The beginning of the Galggraben is marked on the site of the former Schmalbach works . It runs to the rear of the allotment gardens on the Oker , mainly to the north. After about a hundred meters it is crossed by the A 392 motorway embankment . At the level of the rifle house it is piped and reappears between the Uferstraße and the fairground or at the “Water World” and reaches the properties on the street Am Galggraben . A ditch from the area of ​​the Old Jewish Cemetery opens there from the right .

At the Black Mountain he turns west. At the crossing by a sidewalk that continues the Heimgarten street into the green area of ​​the Ölpersee, a pipeline picks up the water and leads it on the north side of the lake to the former course of the Oker. The Galggraben flows into the lake at the level of the Weidengrund road .

Historical course

On historical maps, the ditch extends upstream to the area of ​​the Wendentor, i.e. on the left side of the trade route, which is now represented by Mühlenpfordtstrasse and Hamburger Strasse , and has two arms that flow into the Oker.

In the city map from 1775 according to Friedrich Knoll , the parcel west of Hamburger Strasse to Galggraben is called Galgenkamp , which was bordered to the south by Strasse Hasenwinkel and roughly included the later built-up areas on Reiherstrasse and Karl-Schmidt-Strasse. The corridor to the left of the trench up to the Oker is known as Wendenmasch , downstream to Ölper , which is what today's Wendenmaschstraße is reminiscent of. The fire brigade and thermal power station are located here today . Also on the left Oker south of the hallway.

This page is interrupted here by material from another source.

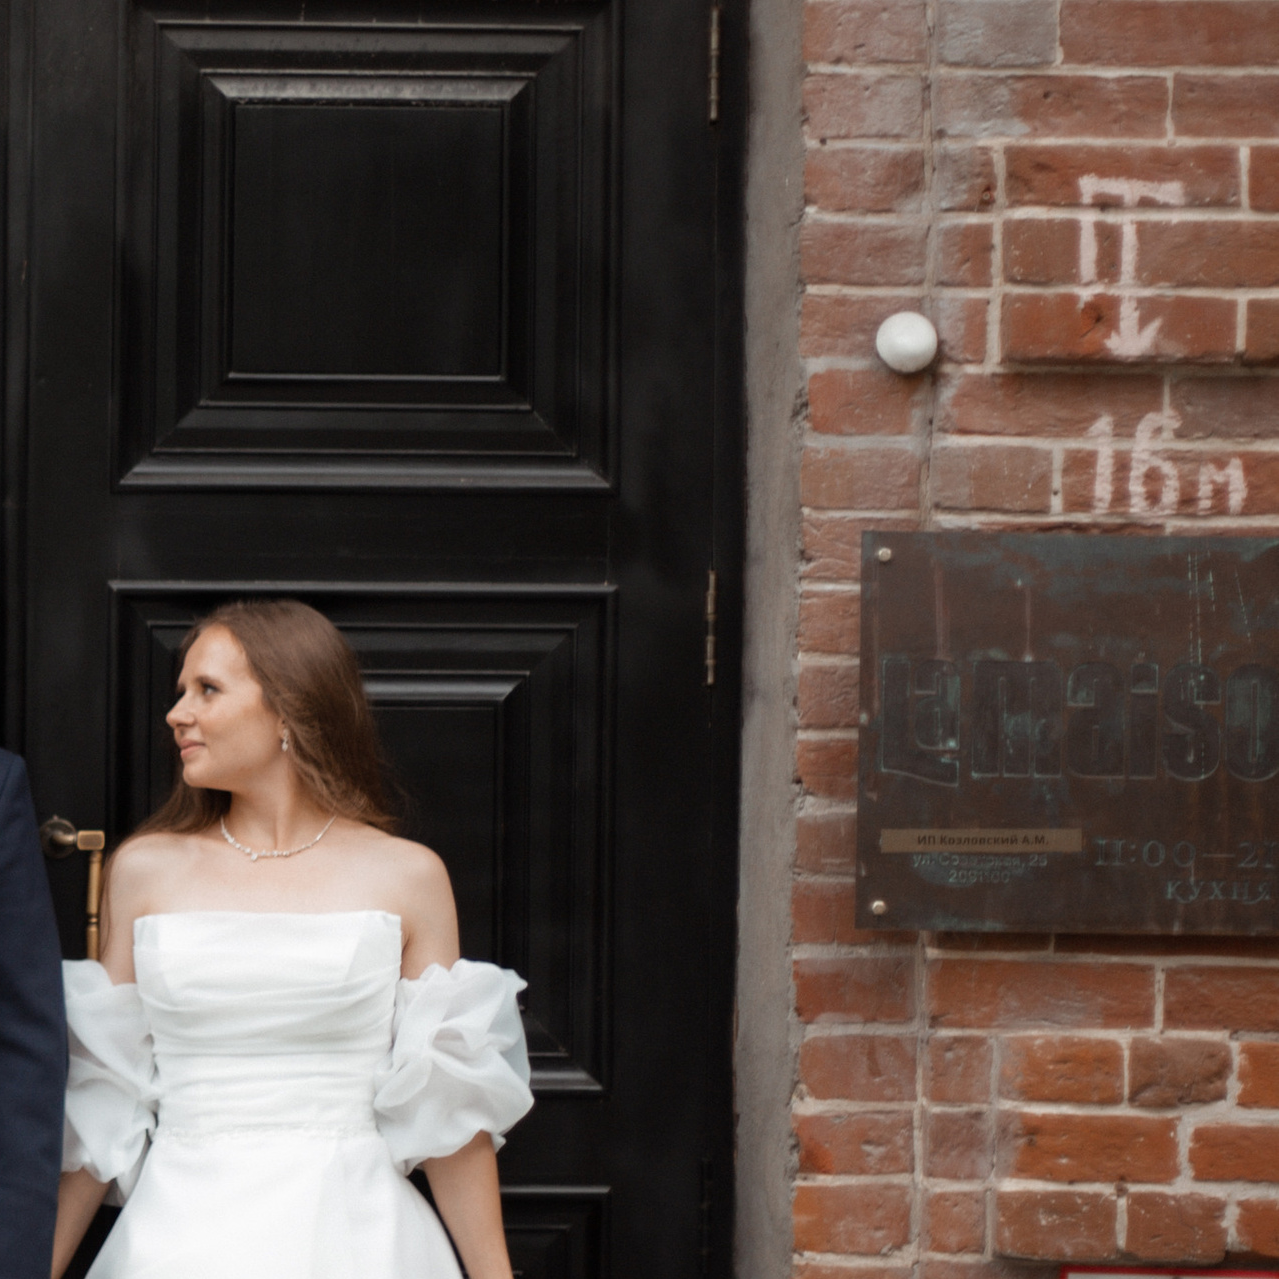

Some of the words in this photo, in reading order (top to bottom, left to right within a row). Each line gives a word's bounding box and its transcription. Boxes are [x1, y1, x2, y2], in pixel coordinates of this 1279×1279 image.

The court west of the Eichtal had the field name Galgenkamp , which was obviously in connection with the former high court of the city of Braunschweig.

Water quality

The trench was examined in 2011 by the Institute for Geoecology at the TU Braunschweig on behalf of the Braunschweig municipal drainage system over a length of 1510 meters. In its piped sections, the ecological quality is very poor, otherwise rather poor due to the edge reinforcement with concrete slabs and the park-like maintenance of the edge area. This corresponds to a structural quality between moderate and unsatisfactory.

Web links

Commons : Galggraben  - Collection of images, videos and audio files

Map display of the Galggraben at openstreetmap.org

Individual evidence

  1. a b c LGLN : Topographic map 1: 50,000 , status 2000, CD-ROM Top50-Viewer
  2. GeoLife, land surveying Lower Saxony. (No longer available online.) Archived from the original on March 19, 2015 ; accessed on December 13, 2015 . Info: The archive link was inserted automatically and has not yet been checked. Please check the original and archive link according to the instructions and then remove this notice.  @1@ 2Template: Webachiv / IABot / navigator.geolife.de
  3. Unknown: Ground plan of the city of Braunschweig , after 1671, colored copper engraving, City Archives Braunschweig, 5 HX13: 10.
  4. ^ Institute for Geoecology, TU Braunschweig, Thomas Ols Eggers: Water structure and water quality investigations in flowing waters in the area of ​​the city of Braunschweig, Annual Report 2011 , Braunschweig 2011, p. 34 ff.